Giving life to self-healing chips: preventing hard silicon failures
10/01/2006
In a bid to enhance the performance of microprocessors, the Semiconductor Research Corp. (SRC) recently said it has a plan to develop self-healing chips-i.e., chips that don’t fail, having been designed to diagnose when components wear out and heal themselves on the fly. The research on hard silicon failures is planned in conjunction with the National Science Foundation and the U. of Michigan.
 Transistor failure (left) in an MP3 player rerouted using self-healing technology (right). (Source: SRC) |
Addressing the reliability of mainstream systems is a focus of the collaboration, according to Todd Austin, associate professor of electrical engineering at the U. of Michigan and a former Intel design engineer. “In the industry, there has yet to be support for diagnosis and repair in mainstream systems,” Austin told SST. “High-end systems that require high availability, such as phone systems and space systems, typically use triple-modular redundancy [TMR] if they can’t go down, or double-modular redundancy [DMR], if they can tolerate a small downtime for repair.” These techniques are too expensive for low-cost consumer goods and mainstream systems, he explained. “All that has been done historically to lessen this problem is aggressive burn-in, where systems are run hot and with high voltage for the first 24+ hours to ferret out any weak devices.” The researchers anticipate they will be able to dramatically advance defect tolerance for mainstream designs but at a reasonable cost-Austin said the DMR and TMR methods can cost about 100%-200% more for hardware operation, but “5%-10% is our target as a tolerable cost for mainstream systems.”
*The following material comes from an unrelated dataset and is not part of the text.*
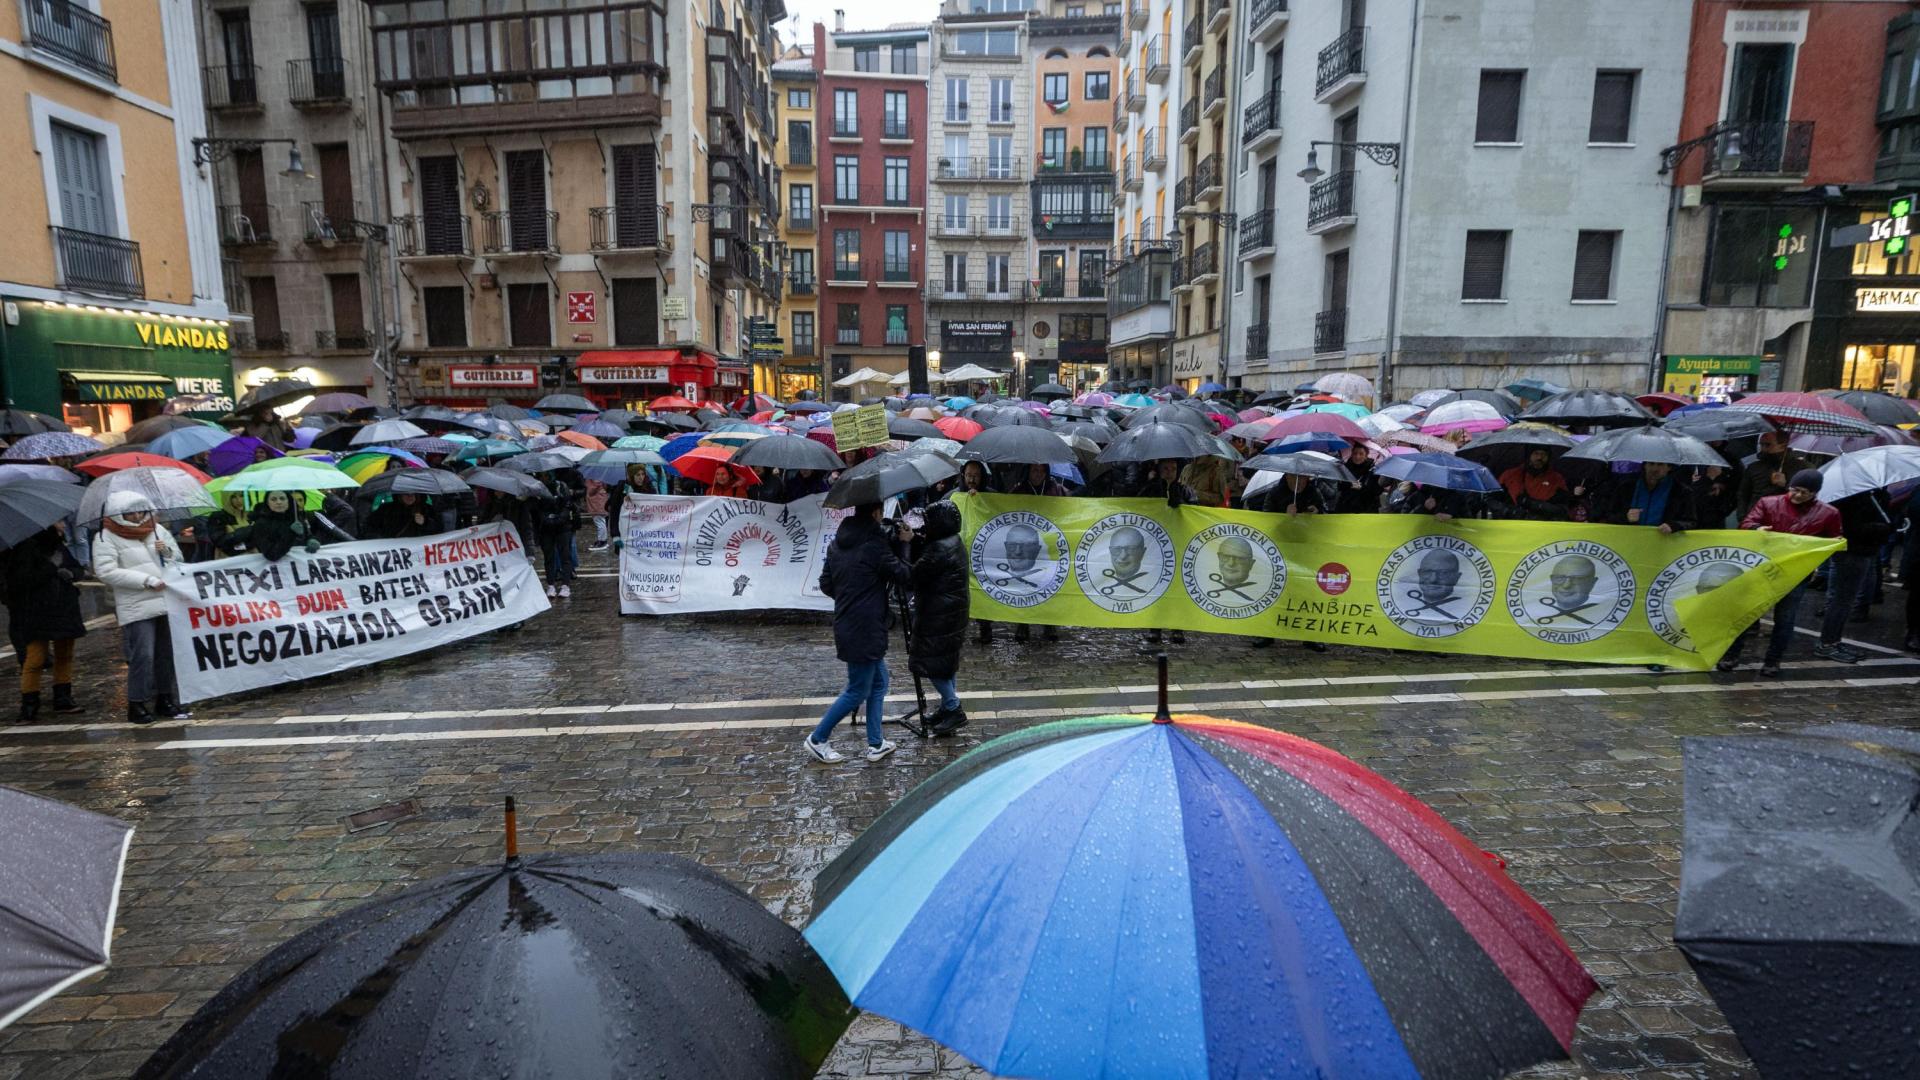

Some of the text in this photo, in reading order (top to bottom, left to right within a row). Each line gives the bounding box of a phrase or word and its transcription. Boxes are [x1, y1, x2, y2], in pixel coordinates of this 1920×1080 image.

One technique that the researchers will use is photographing chips during the evolution of their failures and translating those results into design improvements. Another technique the team will incorporate is “continuous functional verification,” whereby the hardware is continuously tested. “When the hardware is found to be broken by the continuous testing, we simply undo potentially bad computation, repair the hardware by disabling broken components, and restart in degraded mode-that is, by doing your work without using that component,” noted Austin. “These approaches will lead to additional alternatives for testing and developing self-healing chips,” he said, adding that this “continuous functional verification” method is more complicated but very inexpensive, with overhead on the order of 5%-10%.
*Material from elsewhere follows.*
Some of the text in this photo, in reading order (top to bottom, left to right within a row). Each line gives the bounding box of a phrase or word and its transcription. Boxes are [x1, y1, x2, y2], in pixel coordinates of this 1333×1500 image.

Assessing the need for self-healing chips for advanced technology devices not yet in production, Austin observed that experts are very worried about in-field transistor wear-out, with some expecting a significant portion of every chip’s transistors to work improperly below 45nm. “Some estimates predict the length of lifetime per part dropping by over an order of magnitude as we move to sub-100nm technology,” Austin noted. “That’s not only a bad scenario for the world’s populations that have limited serviceability for their electronic systems; it’s also bad for every individual, as the devices they count on could potentially have shorter lifetimes, unless the user can afford much higher-cost components.” -D.V.